I did multiple tests on this and I can see your issue. I just can't figure out why. Could be a bug in Load Balancing or it could be that Load Balancing isn't that smart since it is designed to just basically share the traffic load between different interfaces.
Anyway, I specified the different ports in one rule (80,443,3389) to go through wired and it worked. But when I only specify HTTPS (443), I get the same result as you.
Since this solution is a bit more advanced, I would recommend using routing tables and firewall rules instead. Let's say that you want to direct HTTP, HTTPS and RDP through wired and the rest through LTE.
- Go to the router's WebUI and set Mobile as main WAN and Wired as WAN Failover
- Login to the router via CLI or SSH. Create a new routing table for your traffic splitting purposes:
- echo 1 split >> /etc/iproute2/rt_tables
- I chose the table's number (5) and name (split) randomly. You can choose any name and any number between 1 and 199 (0 and 200-255 are taken by default).
- Set up firewall rules to mark HTTP, HTTPS and RDP packets. You can add them via the Network -> Firewall -> Custom Rules page (you can just copy these lines and save):
- iptables -t mangle -I PREROUTING -p tcp --dport 80 -j MARK --set-mark 5
iptables -t mangle -I PREROUTING -p tcp --dport 443 -j MARK --set-mark 5
iptables -t mangle -I PREROUTING -p tcp --dport 3389 -j MARK --set-mark 5
- I chose the mark '5' randomly. You should choose a mark that isn't already used by the firewall (5 is not used by default as far as I've checked).
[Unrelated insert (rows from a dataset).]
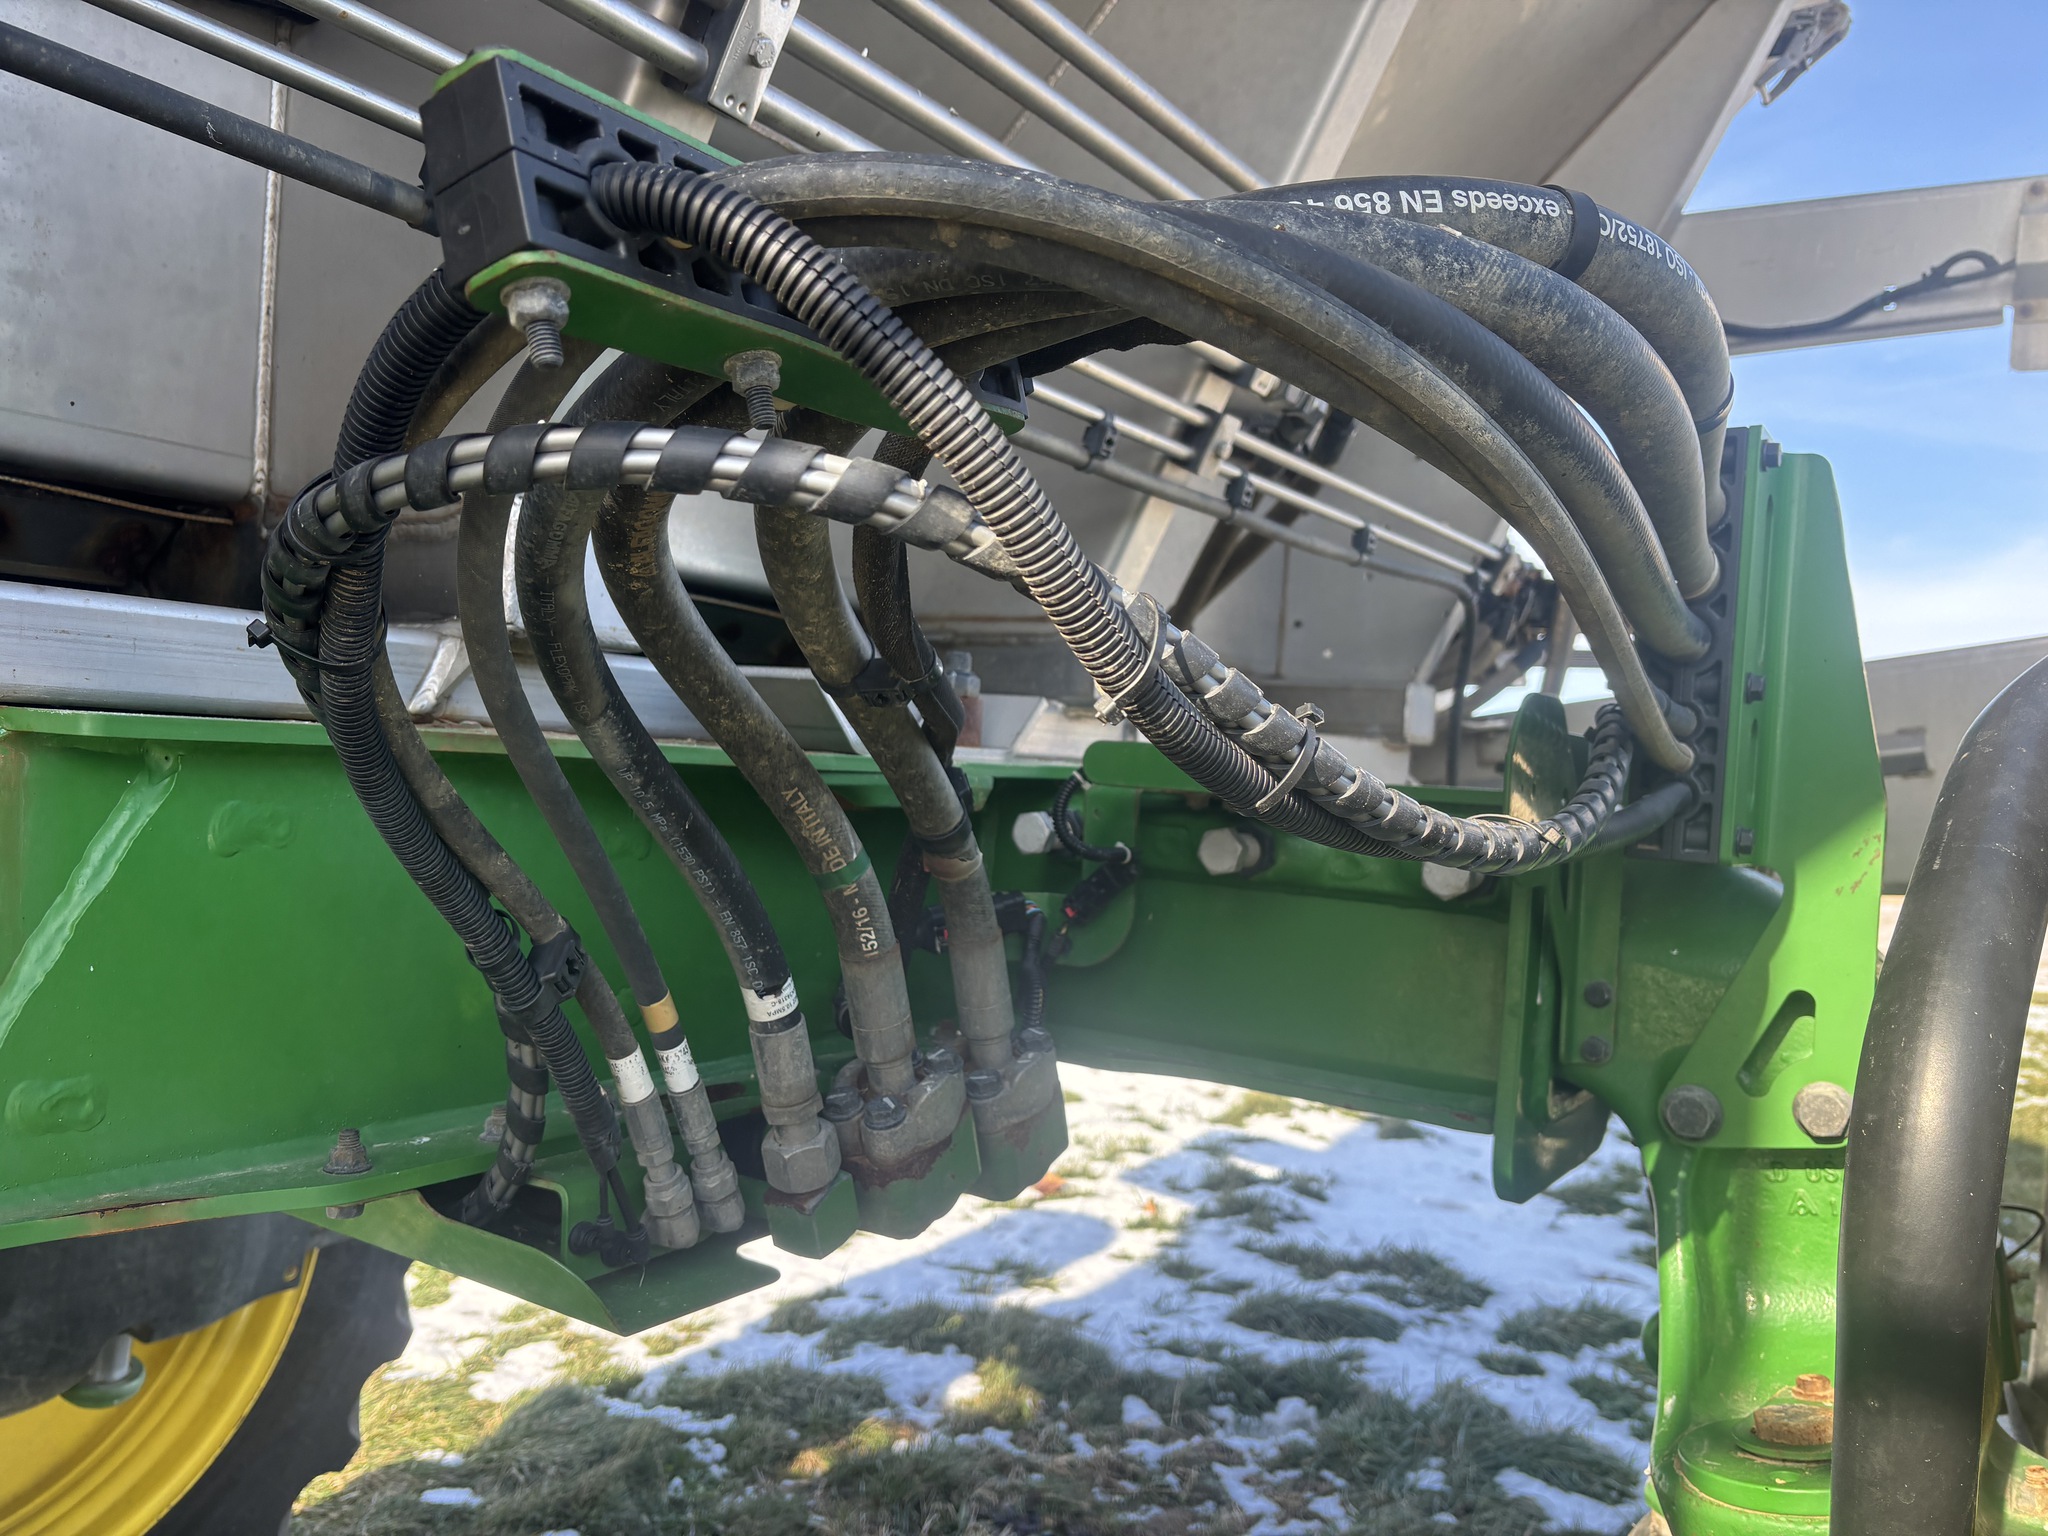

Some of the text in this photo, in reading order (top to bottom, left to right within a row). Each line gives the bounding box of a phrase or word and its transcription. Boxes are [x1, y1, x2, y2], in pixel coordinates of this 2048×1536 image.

[1399, 189, 1444, 214] EN
[1450, 188, 1561, 218] exceeds
[1665, 246, 1688, 280] ISO
[539, 590, 558, 625] ITALY
[780, 785, 822, 828] ITALY
[811, 826, 833, 848] IN
[630, 785, 655, 811] 10.5
[650, 811, 669, 833] MPa
[668, 836, 697, 867] (1530
[692, 868, 716, 895] PSI)
[719, 910, 737, 927] EN
[729, 928, 749, 951] 857
[742, 955, 760, 976] 1SC
- Make some changes to /etc/config/network file: specify that wired WAN should use table 'split' and specify the wired WAN interface's gateway. Use these commands:
- uci set network.@route[1].table='split'
uci set network.@route[1].gateway='your.wired.wan.gw'
- Create a rule that says all packets marked '5' should be routed according to the 'split' table:
- uci set network.@rule[0].mark='5'
uci set network.@rule[0].lookup='split'
uci set network.@rule[0].priority='10'
- Commit the changes and restart the network service:
- uci commit
/etc/init.d/network restart
- And you should be done. Try testing the set up. You can use tcpdump to monitor traffic on different interfaces. If you visit HTTP, HTTPS websites or use RDP, you should see the traffic moving through the eth1 interface (wired WAN. Initiate with tcpdump -i eth1).
- Check if the rule has been added with ip rule. The response should look like this:
- 0: from all lookup local
10: from all fwmark 0x5 lookup split
32766: from all lookup main
32767: from all lookup default
- You can also experiment with the iptables rules during testing. For example, skip the HTTP or HTTPS rule and check your Public IP online.
- One of the websites that I listed uses HTTP, the other - HTTPS. If you skipped one of the rules, these sites should show different IPs.
Anyway, I hope this helps. If you have any questions, feel free to ask.